**** Source data

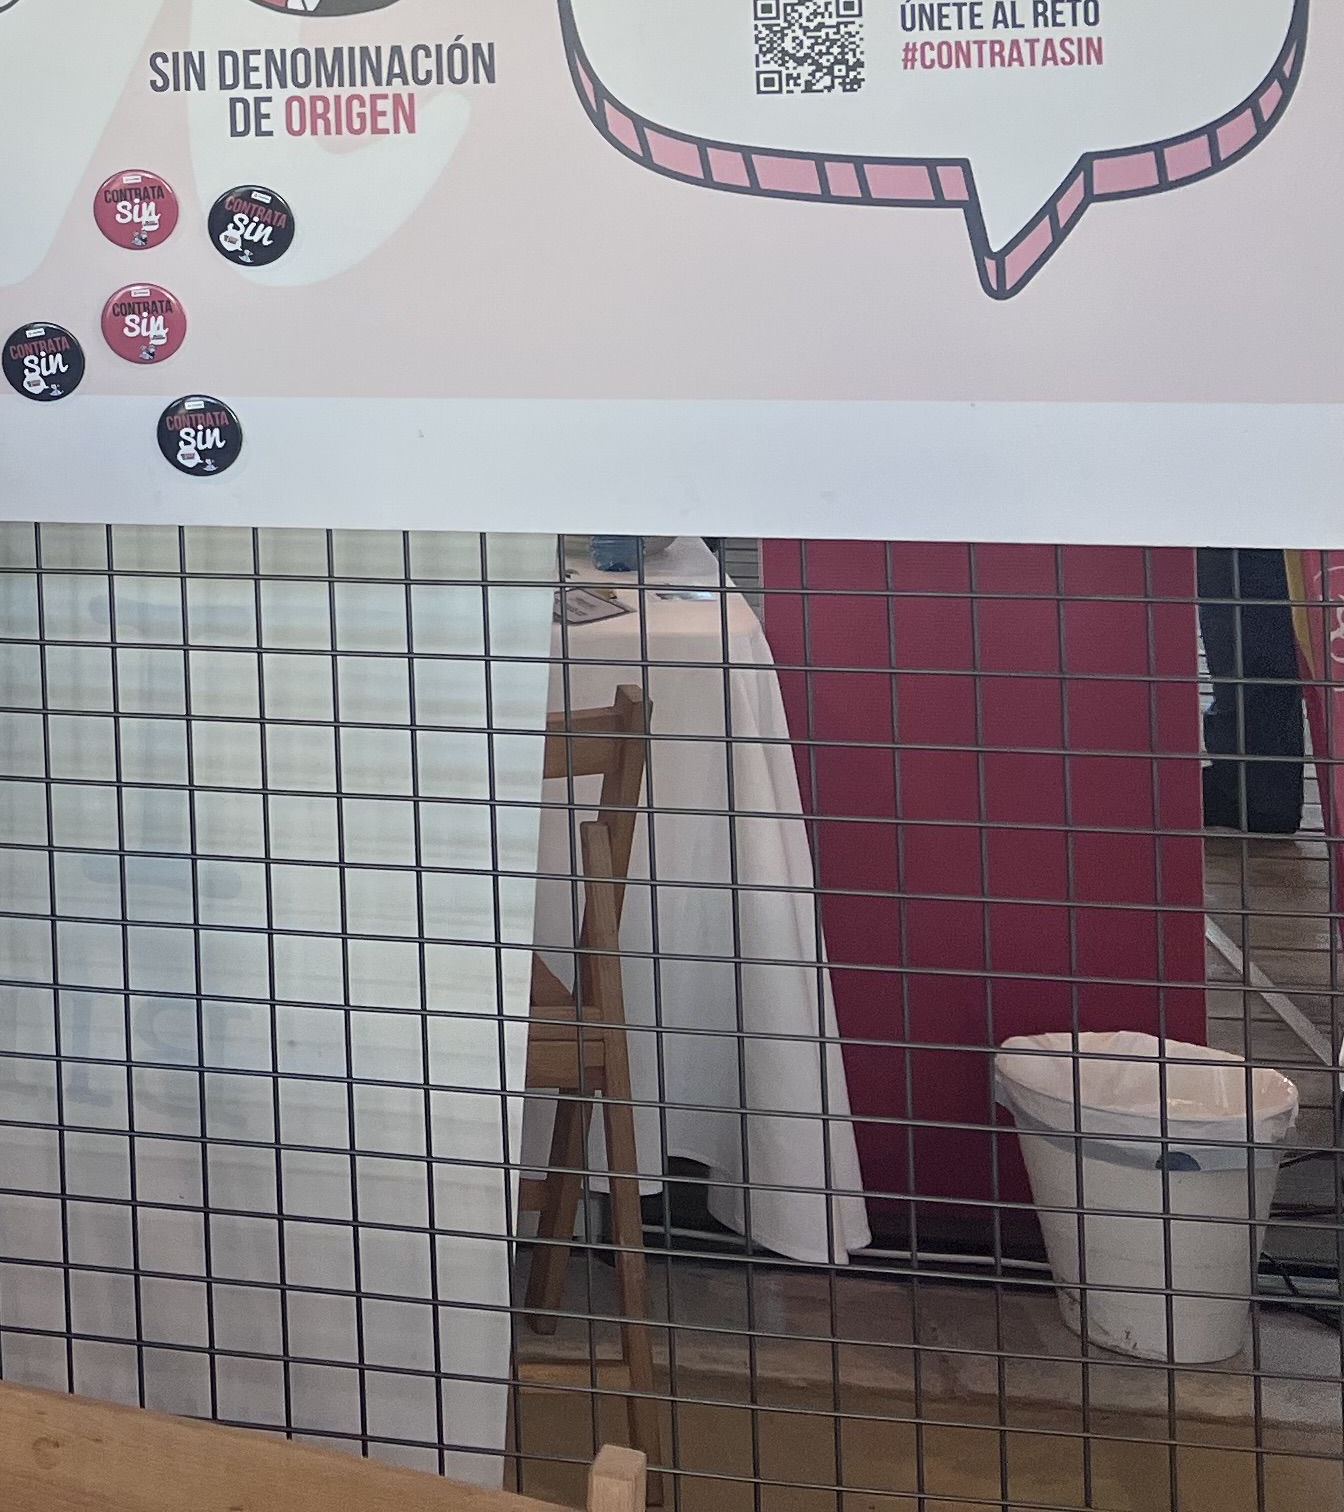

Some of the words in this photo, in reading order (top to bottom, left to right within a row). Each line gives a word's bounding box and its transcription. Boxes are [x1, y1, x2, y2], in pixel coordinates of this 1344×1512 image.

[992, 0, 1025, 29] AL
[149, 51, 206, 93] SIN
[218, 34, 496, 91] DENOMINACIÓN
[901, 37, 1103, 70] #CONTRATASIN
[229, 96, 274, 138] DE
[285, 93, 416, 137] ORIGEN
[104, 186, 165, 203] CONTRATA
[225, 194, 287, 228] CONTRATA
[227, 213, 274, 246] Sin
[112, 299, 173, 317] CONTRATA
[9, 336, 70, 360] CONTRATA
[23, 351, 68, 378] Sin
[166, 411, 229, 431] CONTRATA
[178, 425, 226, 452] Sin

********

> Task requirements
Exclude images and repeat all entries exactly.

> Solution to this problem
Some of the words in this photo, in reading order (top to bottom, left to right within a row). Each line gives a word's bounding box and its transcription. Boxes are [x1, y1, x2, y2], in pixel coordinates of this 1344×1512 image.

[992, 0, 1025, 29] AL
[149, 51, 206, 93] SIN
[218, 34, 496, 91] DENOMINACIÓN
[901, 37, 1103, 70] #CONTRATASIN
[229, 96, 274, 138] DE
[285, 93, 416, 137] ORIGEN
[104, 186, 165, 203] CONTRATA
[225, 194, 287, 228] CONTRATA
[227, 213, 274, 246] Sin
[112, 299, 173, 317] CONTRATA
[9, 336, 70, 360] CONTRATA
[23, 351, 68, 378] Sin
[166, 411, 229, 431] CONTRATA
[178, 425, 226, 452] Sin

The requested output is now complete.